Shortly before coming to Lynn, Hayes worked at the former Danvers State Hospital, so he was familiar with its patient population. “We set up a bridge clinic at Lynn Hospital to follow those patients who were discharged,” he said. “There was inadequate housing for them - lots of rooming houses with no supervision. The communities were just not prepared for the impact of de-institutionalization. Domestic violence was and still is a big issue, but you didn’t have the heroin and cocaine problem that we have today. People used alcohol and more chemical or psychedelic drugs, where today we see multiple addictions to poly substances.”
When the Lynn health center was first conceived, services were free, appointments unnecessary, and the doors were open six days a week until 8 p.m.
“We had an open-door policy. We believed strongly that health care should be free to the community. I was a young whipper-snapper with a master’s degree from Assumption College, and Bill Mantzoukis was the health center’s first director,” he said, referring to the current owner of North Shore nursing homes. “Bill hired me and together we set up the mental health program. So there we were, two liberals parachuting in to start a program in mental health, ironically with Nixon money because it was a federal program.”
The makeshift storefront clinic serviced thousands of clients before it expanded into new quarters, but the magnitude of the problems mushroomed as well.

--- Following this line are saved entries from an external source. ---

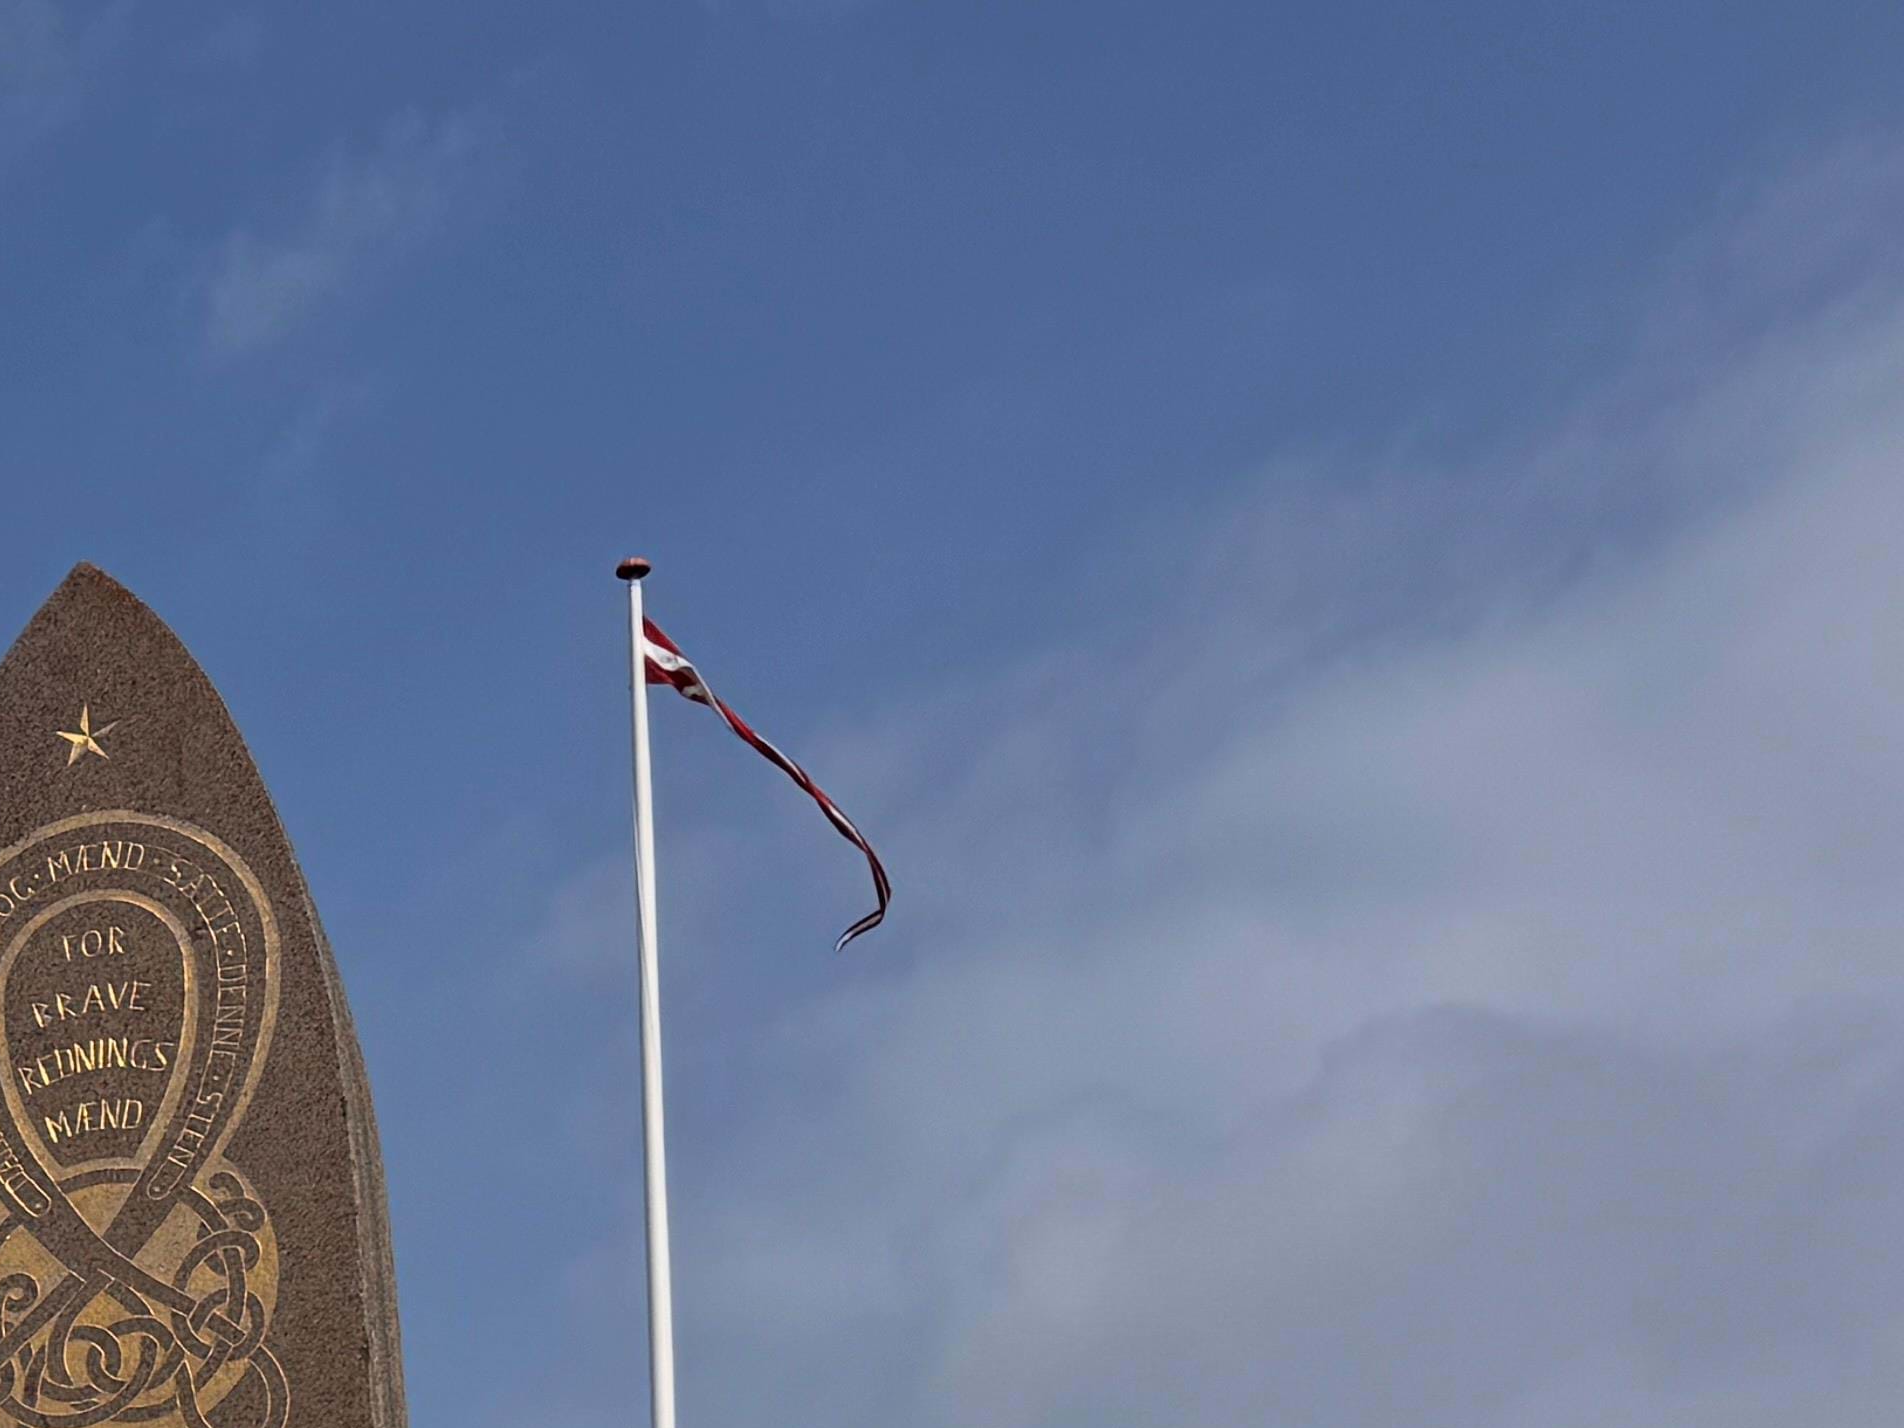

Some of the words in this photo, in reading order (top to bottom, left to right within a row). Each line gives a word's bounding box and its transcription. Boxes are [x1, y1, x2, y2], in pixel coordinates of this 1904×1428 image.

[47, 841, 145, 881] MÆND
[163, 857, 241, 936] SATTE
[63, 927, 125, 961] FOR
[32, 981, 152, 1028] BRAVE
[211, 964, 247, 1060] DENNE
[18, 1038, 175, 1095] REDNINGS
[45, 1099, 142, 1143] MÆND
[167, 1092, 223, 1167] STEN

“There are more cultural issues and language barriers today,” Hayes said. “In many countries, there’s no such thing as mental health care, so when new immigrants arrive, what they encounter is a completely new way of looking at things.”
Hayes said the health center benefited immensely in the late 1980s when, using a short-lived government grant, it hired a Cambodian physician who spoke English and had been working in New York with traumatized refugees. Such expertise was just what Lynn needed. Although many of the Cambodian war refugees living in Lynn were reluctant to visit the health clinic, that attitude changed when one of the revered monks from their insular community got pneumonia.
The monk, grateful for the medical care, blessed the clinic, which made it an acceptable place for the refugees who were no longer suspect.
The health center now has 40 behavioral health staff members and 12 trainees.
“We go to the city’s homeless shelter and we also have the school-based mental health clinics. You can’t provide mental health services in a vacuum,” Hayes said. “You also have to take a look at the patient’s nutritional and medical needs. You have to look holistically at the whole patient.”
In a more recent development, the health center is moving toward alternative medicine as yet another option for some patients, such as acupuncture.
“I’m still very energized by what goes on here and thankful that I’m part of it,” he said.
When not at the health center, Hayes takes his family winter skiing, boating on the North Shore, and abroad to explore the culinary delights of different cultures, especially Italy.
As he succinctly put it, “I like to eat.”